- Attack on the Cloghoge checkpoint: Part of the Troubles and Operation Banner
| Date | 1 May 1992 |
| Location | North of Cloughoge (near Newry), County Armagh, Northern Ireland54°9′0″N 6°20′39.90″W﻿ / ﻿54.15000°N 6.3444167°W |
| Result | IRA victory British checkpoint complex destroyed; |

Belligerents
- Provisional IRA: British Army

Commanders and leaders
- Unknown: Lt. Andrew Rawding

Strength
- 2 active service units 1 railway bomb: 24 soldiers in complex 2 patrols

Casualties and losses
- None: 1 killed 23 wounded

= Attack on Cloghoge checkpoint =

1992 IRA bombing in Northern Ireland

The attack on Cloghoge checkpoint was an unconventional railway bomb attack carried out on 1 May 1992 by the Provisional Irish Republican Army (IRA) against a British Army permanent vehicle checkpoint, manned at the time by members of the Royal Regiment of Fusiliers. The IRA's South Armagh Brigade fitted a van with train wheels that allowed it to move along a railway line. A large bomb was placed inside the van, which was then driven along the railway line to the target. The explosion killed one British soldier and injured 23 others. The complex, just north of the village of Cloghoge in County Armagh, on the southern outskirts of Newry, was utterly destroyed.

== The attack ==

During the late hours of 30 April, a group of four Provisional IRA members held a family hostage in Killeen, County Armagh, and stole a mechanical excavator. This was to be used to build a makeshift ramp up to the Dublin–Belfast railway line, which drew parallel to the Dublin–Belfast motorway (M1).
At the same time, other IRA members stole a dark-painted Renault Master van in Dundalk, County Louth, which was then loaded with 2200 lb of home-made explosives. The van was fitted with a bogie with a special wheelset that could run on the rail tracks. The excavator moved up the ramp and lifted the van onto the railway. The heavy machine was also used to build a ramp with stones and wooden planks to align the van bomb with the railway. The van was then driven some 800 metres north and a mile-long wire attached to a triggering device was added to the bomb. Meanwhile, other IRA members in a support role set up roadblocks on both sides of the border to keep people away from their target. The IRA unit who set up the checkpoint in the Republic wore Garda Síochána uniforms.

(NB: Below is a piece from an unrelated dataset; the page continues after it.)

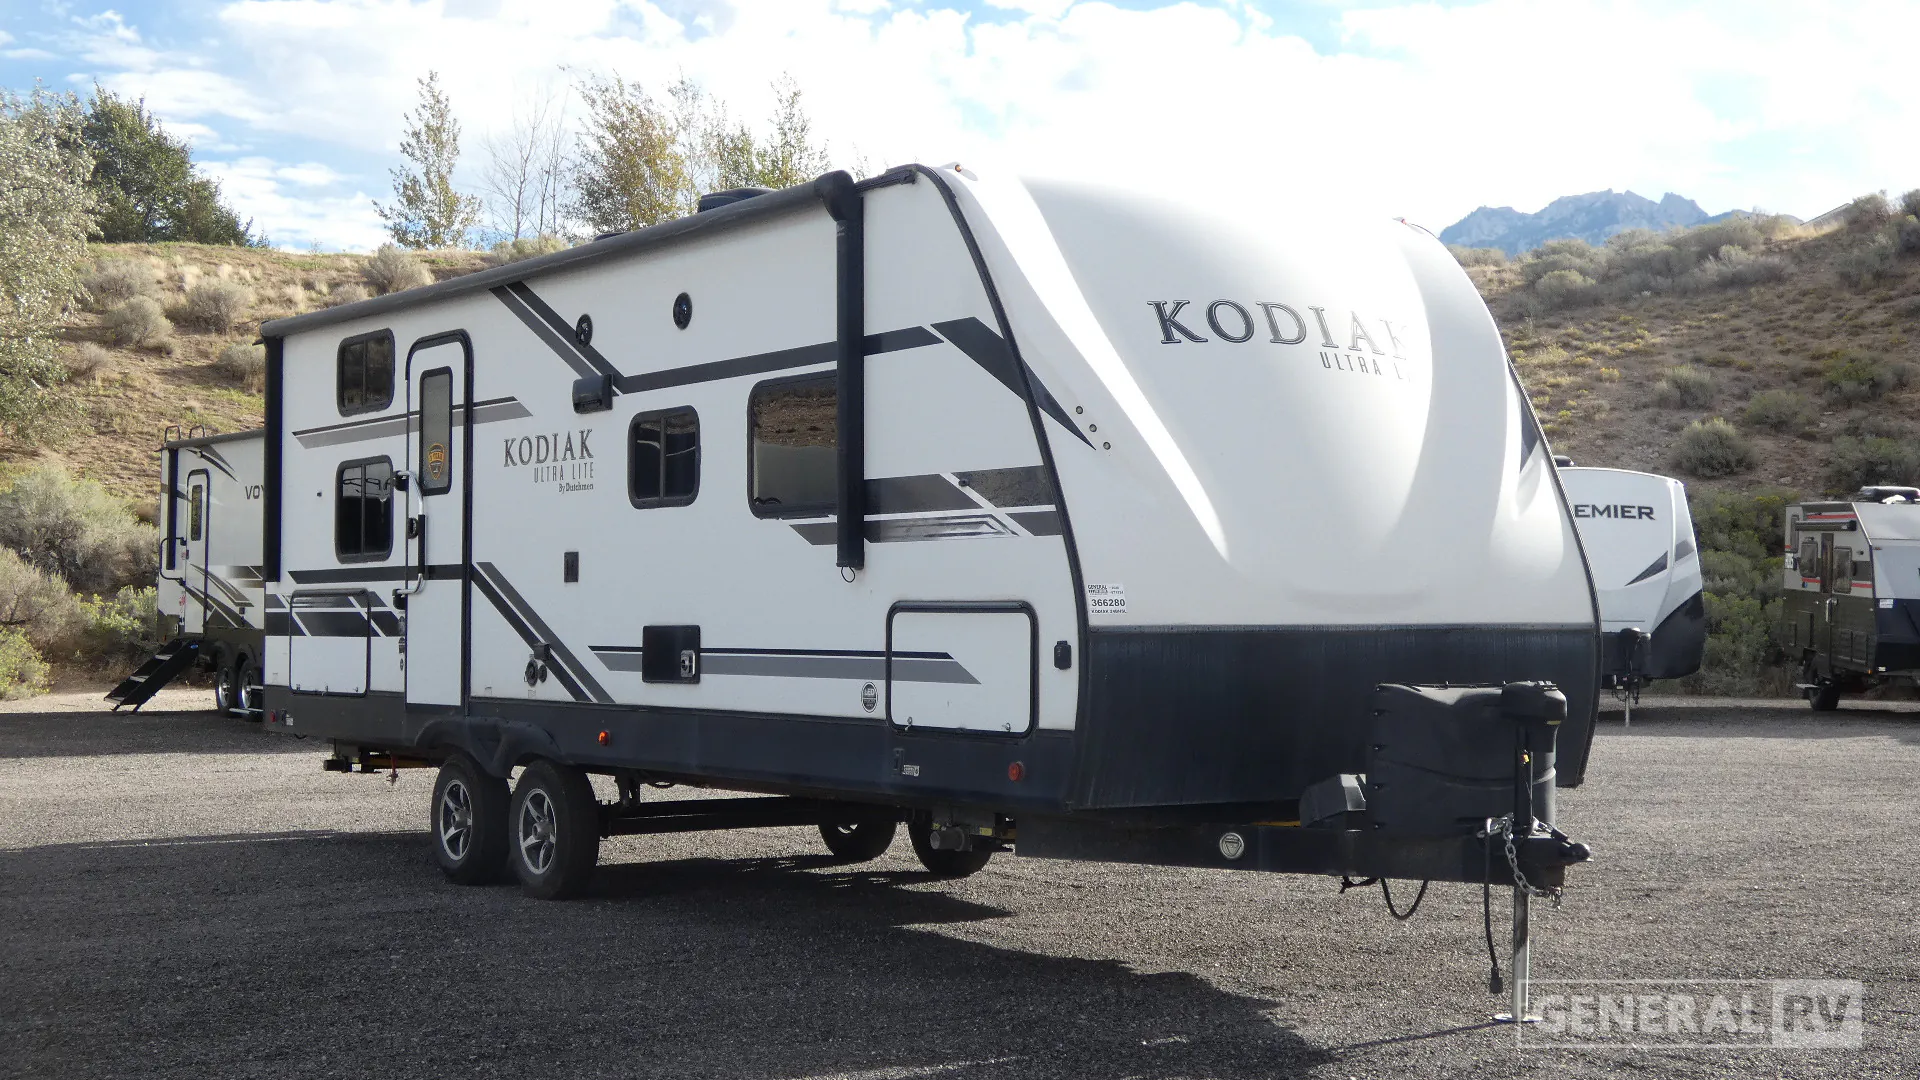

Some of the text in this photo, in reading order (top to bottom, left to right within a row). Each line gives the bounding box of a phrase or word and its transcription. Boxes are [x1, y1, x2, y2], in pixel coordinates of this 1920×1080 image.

At about 2:00 AM, the van was clamped into first gear and directed at the Romeo-One-Five (R15) military checkpoint, a permanent vehicle checkpoint on M1 motorway, alongside the railway. The South Armagh Brigade had examined the compound and realised that the railway side of the fortified position was lacking blast wall protection.

A British Army patrol from the 2nd Battalion Royal Regiment of Fusiliers 300 yard south of the outpost heard what sounded like a train approaching the checkpoint. The first tip that something was wrong was when a passer-by told another patrol, led by Lieutenant 'Zippy' Allanach, that his vehicle had been diverted by hooded men at one of the IRA checkpoints. Another soldier looking through a telescope from R14, a watchtower on top of Cloghoge mountain, spotted the van on the rails heading towards the checkpoint, which was alerted by radio immediately. The sentry at R15, Fusilier Andrew Grundy, spotted the incoming threat and alerted the other soldiers in the checkpoint, who rushed to take shelter from the bomb. Grundy tried to disable the improvised locomotive with gunfire, to no avail.

Meanwhile, an IRA member, from the high ground south of the position, waited for the van to reach its target, guided by the vehicle's courtesy lights. An IRA statement claims that a braking device was then used to stop the van when it passed abreast of the complex. The IRA volunteer then radioed the men at the end of the wire to trigger the bomb. At 2:05, the explosive went off, demolishing the checkpoint. The 10-ton sangar was lifted off of its foundation and thrown 12 yards away. Fusilier Grundy was killed almost instantly, but the rest of the soldiers, all inside a reinforced concrete bunker, survived the massive blast. A total 23 troops received injuries of different severity.

== Aftermath ==

Fusilier G. A. Colman was awarded a General Officer Commanding commendation for his role in rescuing the body of Fusilier Grundy and the wounded soldiers.

The British Army's official report about this incident stated: "This was a well-planned and well-executed attack indicative of the imaginative, innovative and capable nature of South Armagh PIRA".

Former British Army Brigadier Peter Morton put in question the wisdom of these fixed military compounds along the border by comparing the bases with "Crusader castles showing the flag on every Ulster road and hillside, (they) are sitting targets for the terrorists, to be reconnoitred in safety and attacked at leisure. They drain resources, sap the strength of the security forces, and place many lives needlessly in danger."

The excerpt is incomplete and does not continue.